Magic Ramen: The Story of Momofuku Ando by Andrea Wang, illustrated by Kana Urbanowicz, 40 pp., RL 3
Magic Ramen: The Story of Momofuku Ando
I have been on a ramen odyssey of late. Great Big Story, my video source for all things global, curious, delicious and intriguing, started it with this video: From Indonesia to Brazil, 8 Inventive Instant Noodle Recipes (which in turn was inspired by the video How Noodles Are Made Around the World). A trip to H Mart with my sons and $100 later, and we had four different flavors of ramen, chili crunch, fresh seaweed, fish cakes, American cheese slices (trust me on this one, learned it from the video and it totally works) and several other frozen, fresh and dried noodles for later, and I only wanted MORE. Especially when I decided to make NOODLES the theme of my first-ever Virtual Library Newsletter.
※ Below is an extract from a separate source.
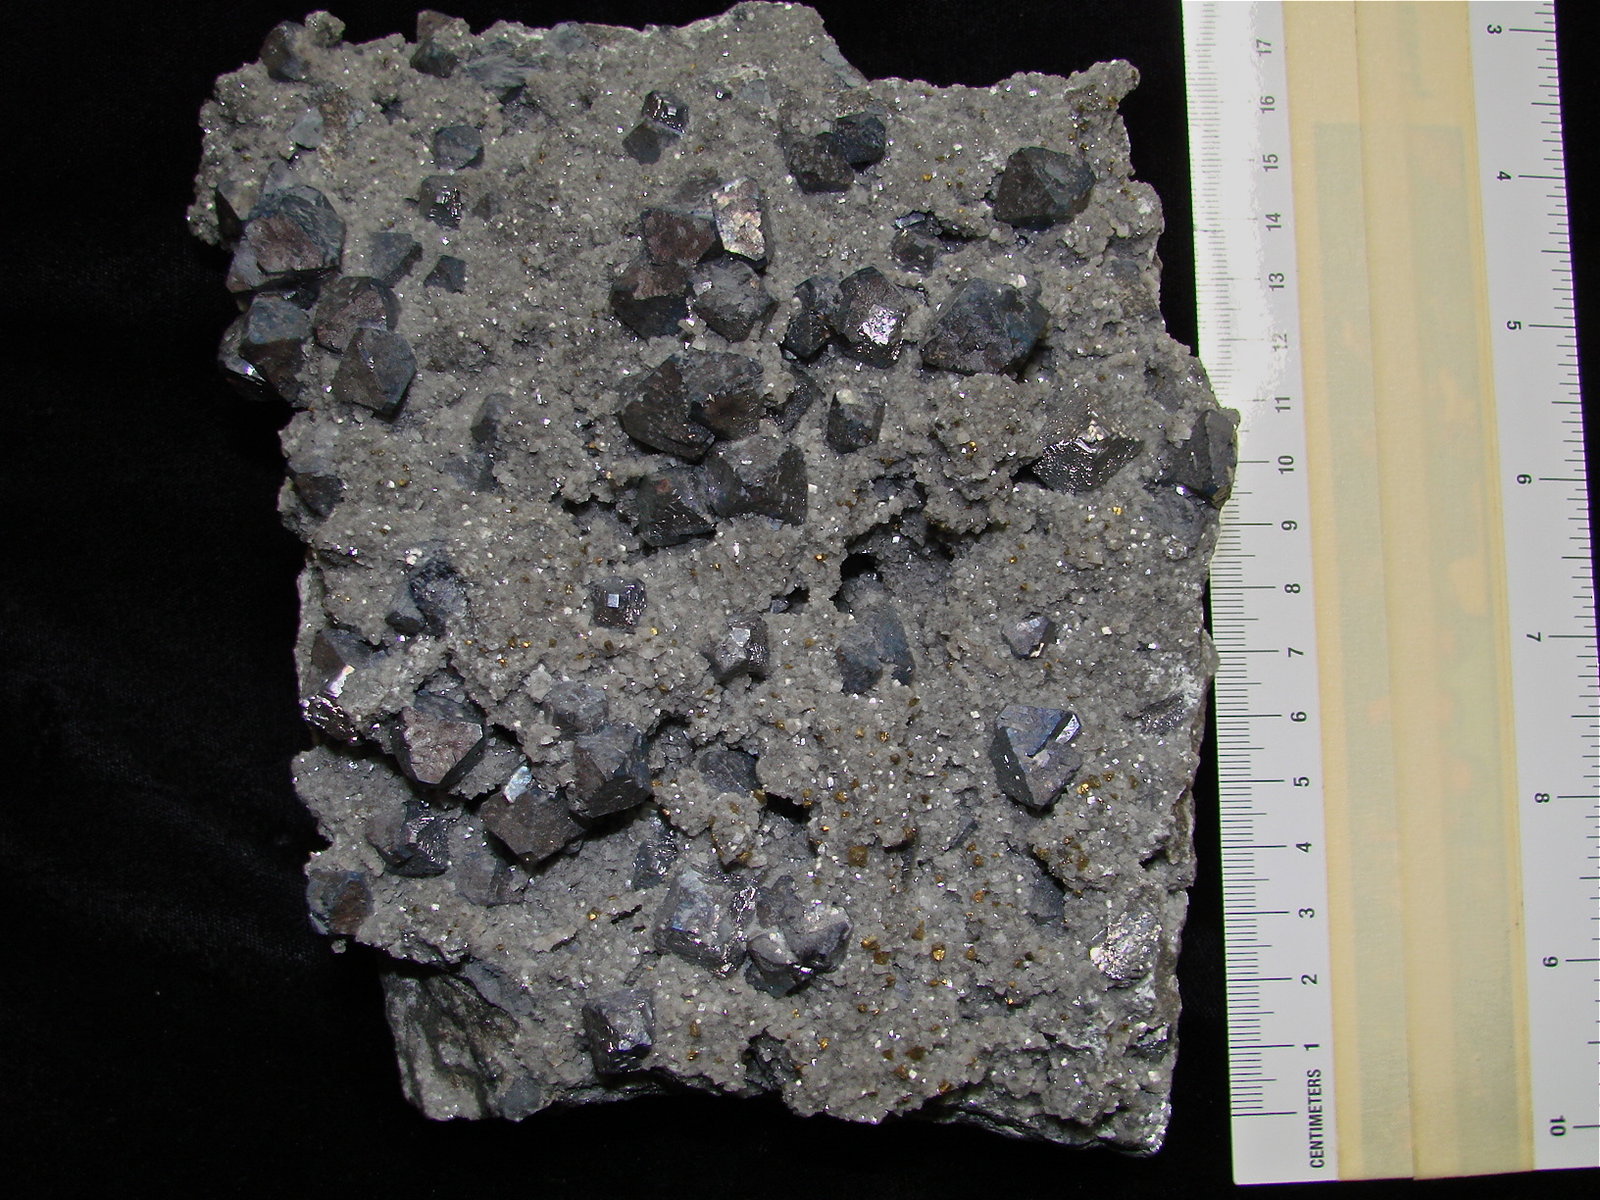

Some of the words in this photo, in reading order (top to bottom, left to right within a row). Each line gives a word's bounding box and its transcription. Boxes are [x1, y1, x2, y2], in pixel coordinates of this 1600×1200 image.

While my ramen odyssey may never end, I have reached an inspirational pause in the story of Momofuku Ando, the man who INVENTED instant noodles! I know that noodles are centuries old, and I foolishly assumed that instant noodles were some kind of necessity, like beef jerky and hard tack, that was invented in China a few hundred years ago, morphing over time into the packets and styrofoam cups of salty, slurpy satisfaction we know them as today. Boy, was I wrong! And, while reading Andrea Wang and Kana Urbanowicz's superb picture book biography DID make me hungry, it was also food for thought that inspired me to learn more. Ando, who was born in Taiwan and made Japan his home, was deeply affected by the long lines of starving people waiting for food after World War II. As Wang says in her author's notes, "for years he dreamed about new food that would nourish people and ease their suffering." Ando made food his life's work and, after years of experimenting in a shed in his backyard and experiencing many failures and financial losses, he found success. I am someone who loves to eat almost as much as I love to cook, and I found the pages of Ando's experiments with creating dried noodles that cook instantly especially fascinating. And the, in 1958, Ando debuted Chikin Ramen, noodles and soup, ready to eat in minutes!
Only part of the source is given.